Work task = Could you repeat the data word for word while skipping the pictures?

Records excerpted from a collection
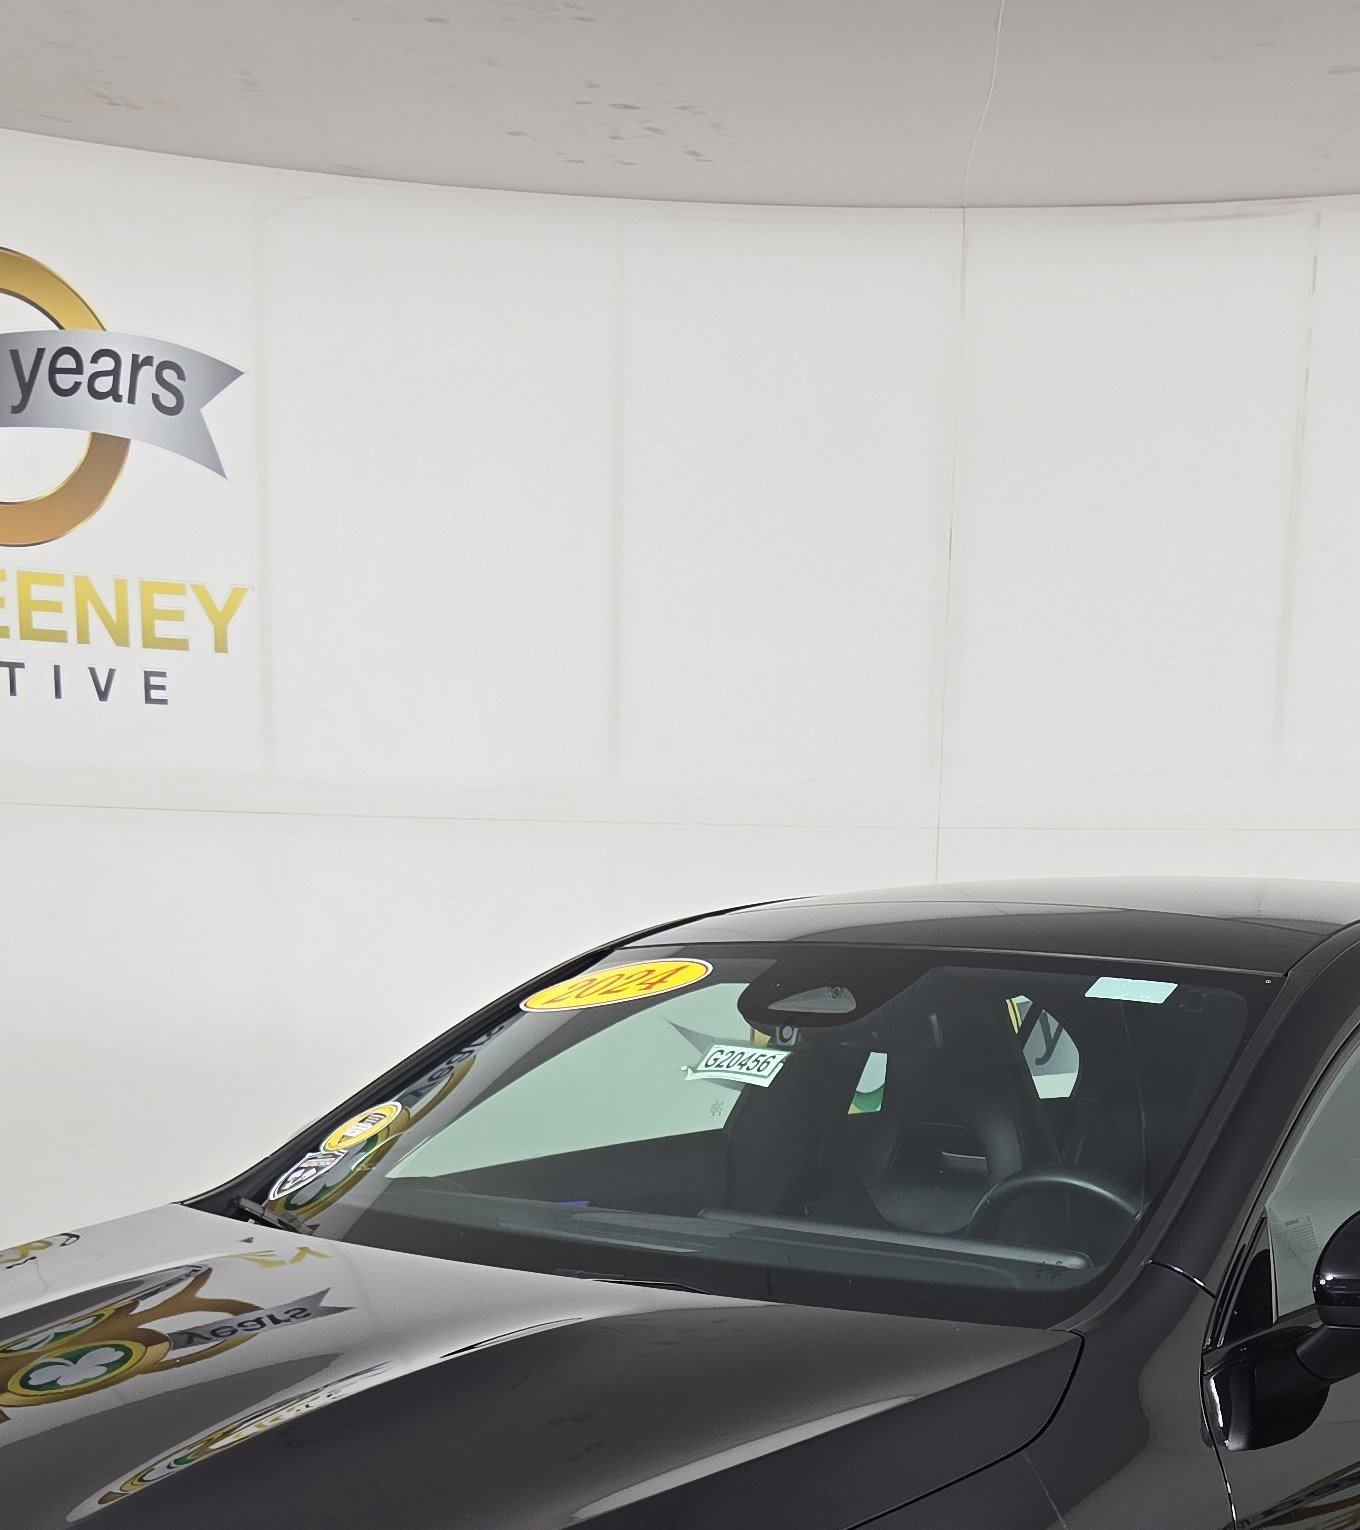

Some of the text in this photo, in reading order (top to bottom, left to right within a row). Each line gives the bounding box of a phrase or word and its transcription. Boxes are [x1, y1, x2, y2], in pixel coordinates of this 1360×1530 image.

[9, 341, 186, 416] years
[542, 965, 691, 1005] 2024
[705, 1049, 776, 1073] G20456
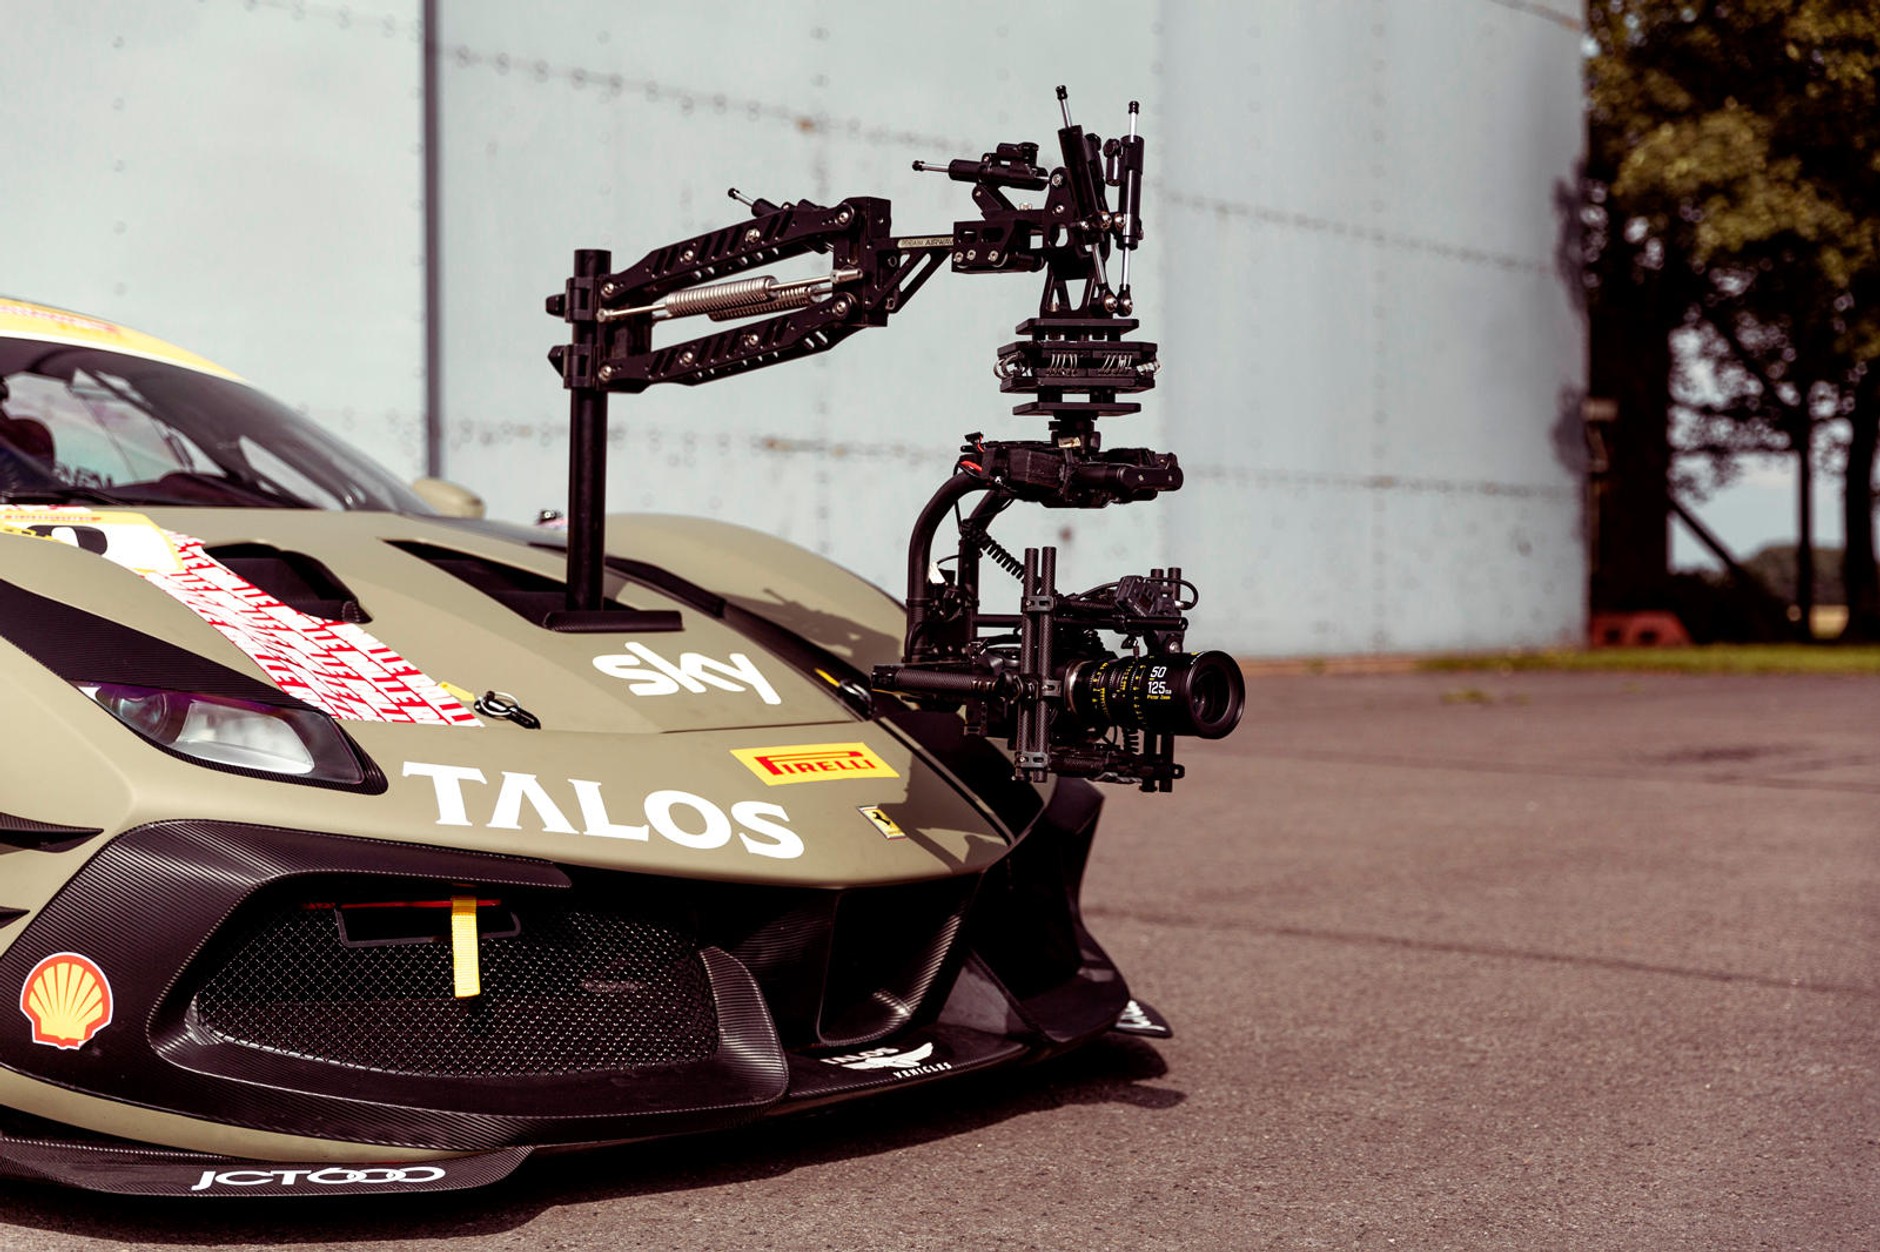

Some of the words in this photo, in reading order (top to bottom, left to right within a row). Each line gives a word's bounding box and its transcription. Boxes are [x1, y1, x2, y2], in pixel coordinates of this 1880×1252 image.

[593, 642, 781, 705] sky
[1150, 666, 1167, 678] 50
[754, 751, 877, 775] PIRELLI
[402, 761, 805, 859] TALOS
[893, 1061, 952, 1079] VEHICLES
[191, 1166, 446, 1191] JCT600

Problem solution =
Some of the text in this photo, in reading order (top to bottom, left to right within a row). Each line gives the bounding box of a phrase or word and its transcription. Boxes are [x1, y1, x2, y2], in pixel coordinates of this 1360×1530 image.

[9, 341, 186, 416] years
[542, 965, 691, 1005] 2024
[705, 1049, 776, 1073] G20456

Some of the words in this photo, in reading order (top to bottom, left to right within a row). Each line gives a word's bounding box and its transcription. Boxes are [x1, y1, x2, y2], in pixel coordinates of this 1880×1252 image.

[593, 642, 781, 705] sky
[1150, 666, 1167, 678] 50
[754, 751, 877, 775] PIRELLI
[402, 761, 805, 859] TALOS
[893, 1061, 952, 1079] VEHICLES
[191, 1166, 446, 1191] JCT600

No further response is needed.